Should I stay or should I go?

Nurses General Nursing

Published

Specializes in Telemetry; CTSICU; ER.

I have been working on the same cardiac/telemetry floor for about 8 1/2 years. It is a very stressful floor that most doctors treat us as a step-down unit with the type of admits they send to us. I have a job offer for a surgical ICU position, but I hesitate to take it because I absolutely adore the majority of the nurses I work with and the teamwork with some of them is amazing!! I really want to branch out and learn new things, but the SICU has a notorious reputation with the director and managers being rather difficult. The turnover is high in that unit, but the turnover seems high all over the hospital and every floor is running short--I think our floor is one of the few that isn't that short compared to the others. Should I leave my mostly amazing co-workers and risk it or just stay where I'm at for now? What do you all think I should do? (opinions so greatly appreciated!)

What's your goal? Is there a particular reason you'd want to leave your unit?

You might inquire if you could shadow on that SICU. Sometimes I think units get an unfair reputation from other areas in the hospital, but seeing the unit for yourself might help you to clarify if it's a good fit for you (and if the rumors are true!) You could see first hand if the SICU care is up your alley, and if the managers are as miserable as you've heard, lol.

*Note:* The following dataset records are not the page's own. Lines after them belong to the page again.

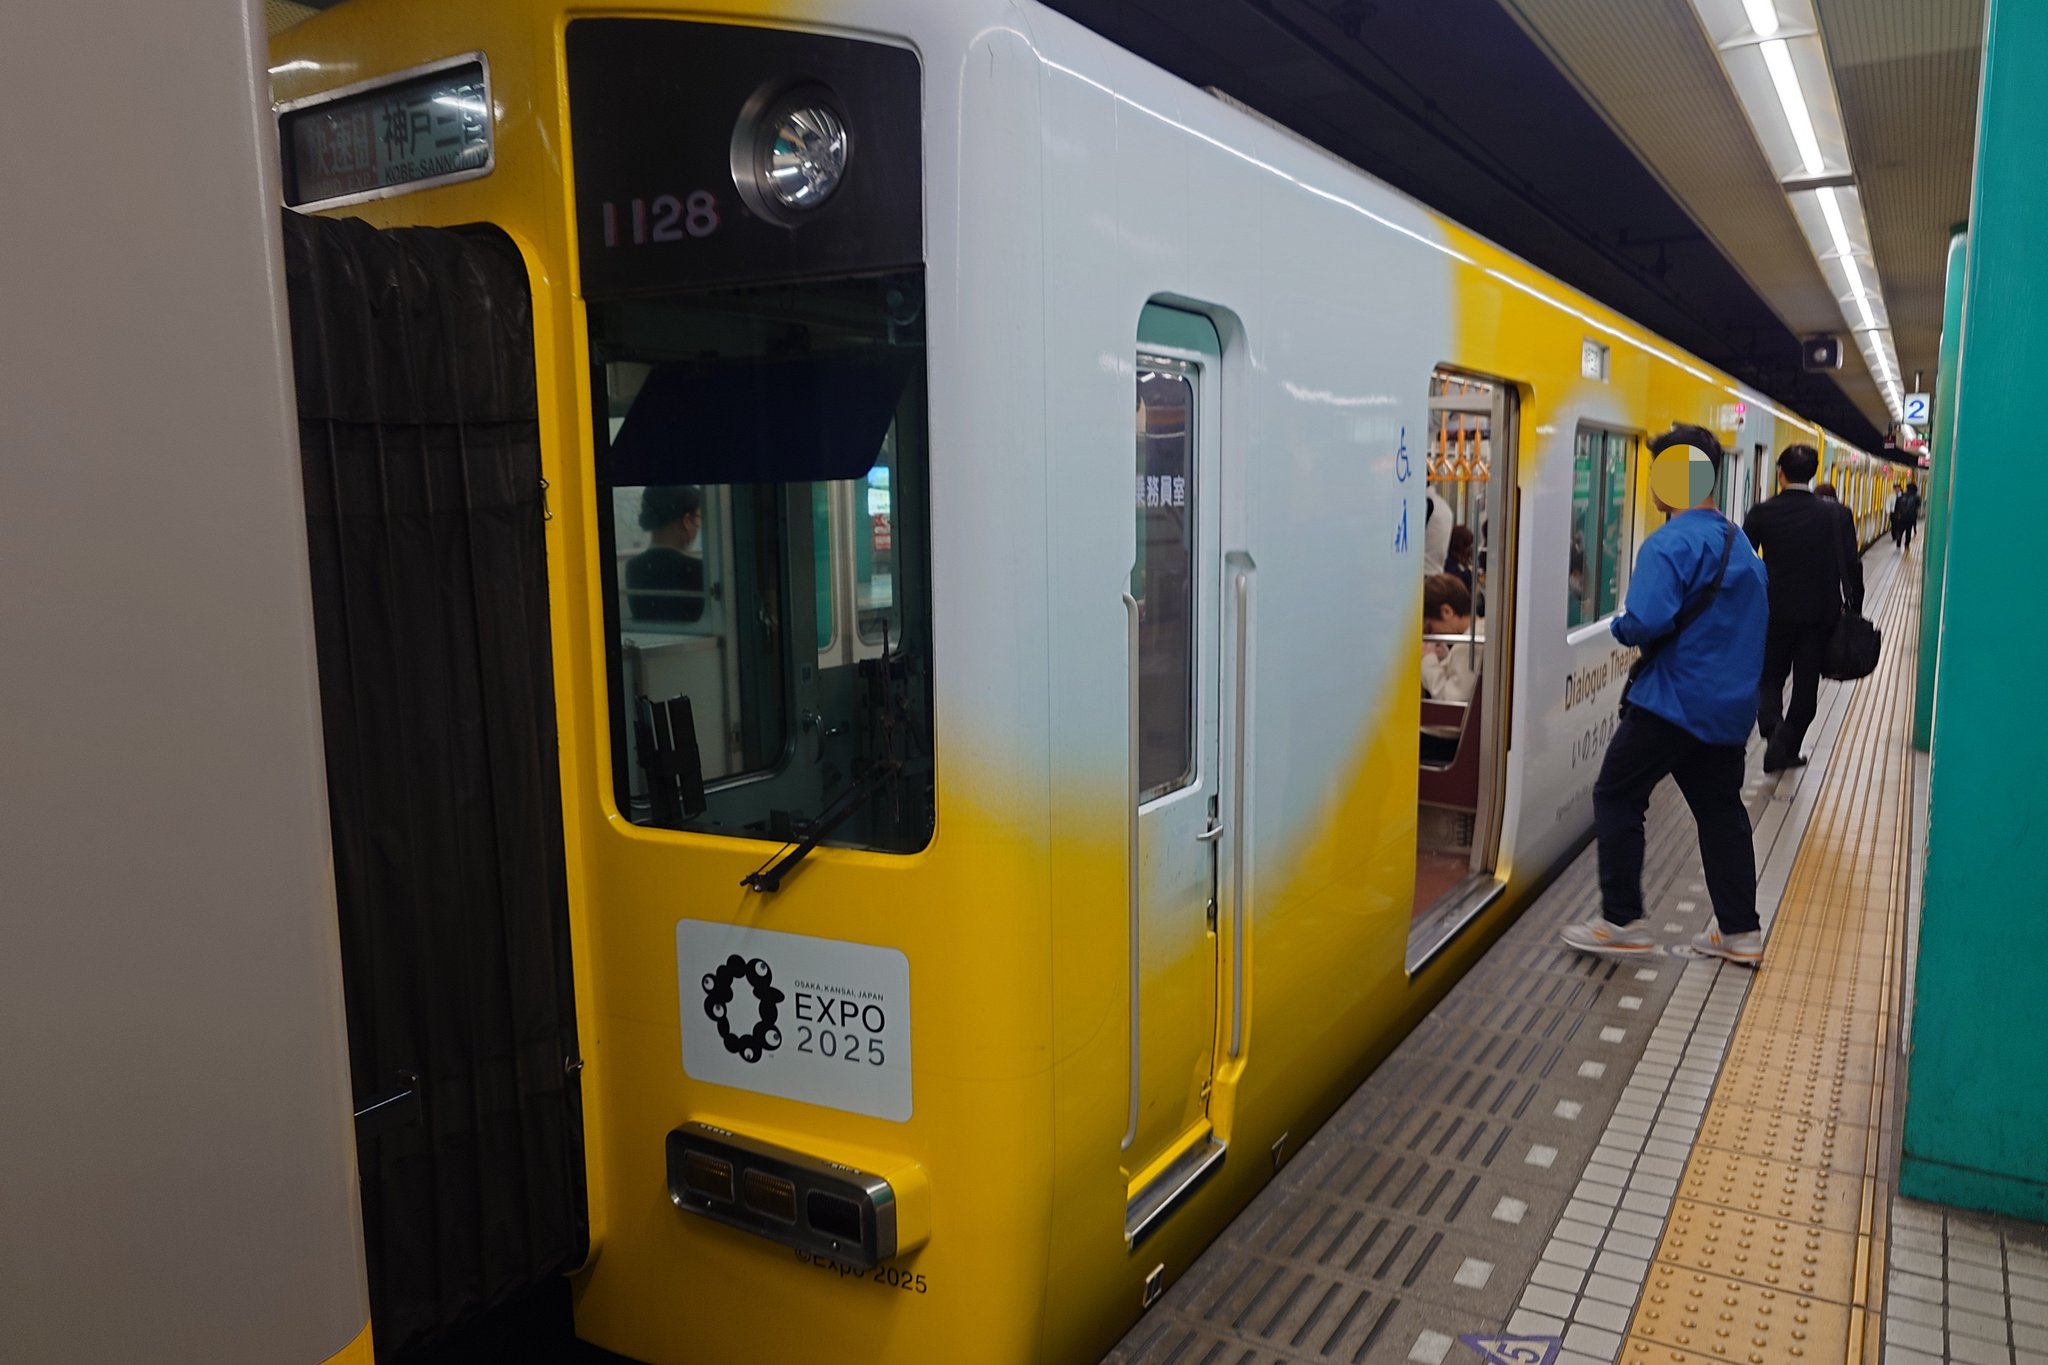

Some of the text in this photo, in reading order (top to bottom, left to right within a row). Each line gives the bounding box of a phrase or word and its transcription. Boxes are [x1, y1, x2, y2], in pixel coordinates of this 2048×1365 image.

[602, 190, 720, 248] 1128
[1908, 399, 1924, 419] 2
[1136, 474, 1185, 507] 乗務員室
[1564, 661, 1608, 712] Dialogue
[1571, 711, 1619, 769] いのちのあ
[794, 992, 885, 1033] EXPO
[858, 989, 884, 1001] JAPAN
[797, 1025, 885, 1067] 2025
[873, 1264, 928, 1294] 2025
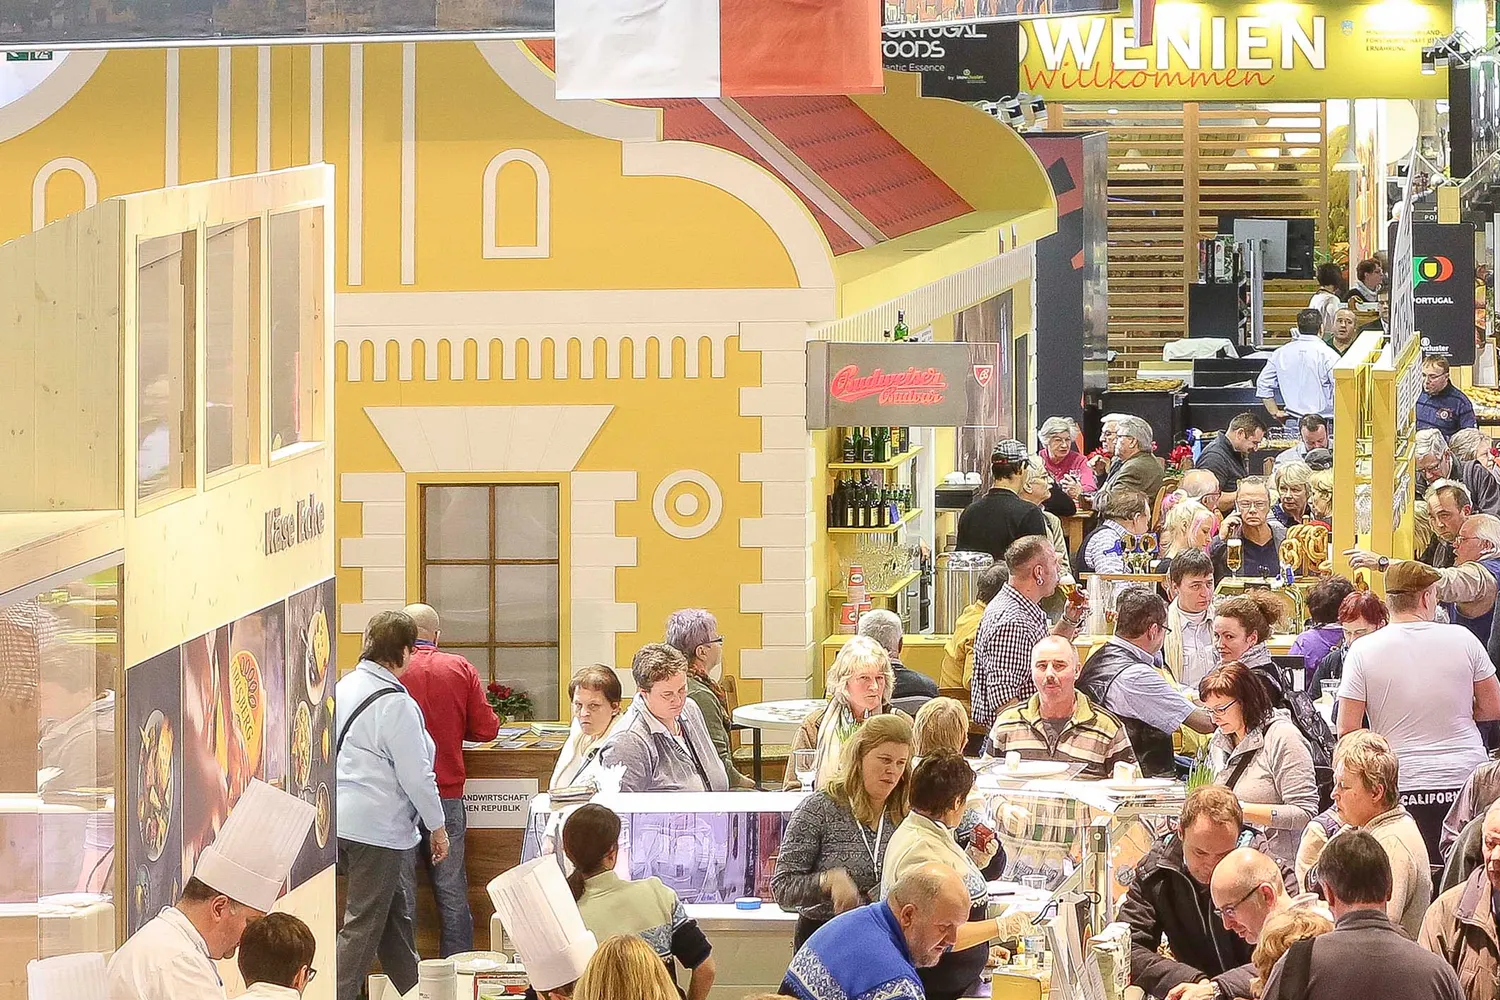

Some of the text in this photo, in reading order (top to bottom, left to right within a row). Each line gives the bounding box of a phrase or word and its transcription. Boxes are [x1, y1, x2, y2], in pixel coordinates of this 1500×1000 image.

I'd personally stay. I feel like unit culture can make or break a job, regardless of the actual nursing care. I'd rather do work I hate with people I love than work that I love with people I hate (I lucked out because I got the best of both worlds--great work along with great coworkers!)

Specializes in Family Nurse Practitioner.

I would say take the SICU job, but stay PRN on current unit if possible (still pickup time). That way, it may be easier to go back there if SICU doesn't work out.

Specializes in Telemetry; CTSICU; ER.

I've always been interested in working with more critically acute patients such as the ER or a critical care unit and that would be the main reason I'd want to leave the unit. I might eventually want to get my ARNP, but there are several nurses working on that now on my floor so I don't necessarily need critical care experience for that. Very good point adventure rn about how the unit culture can make or break the job! Thanks for the input!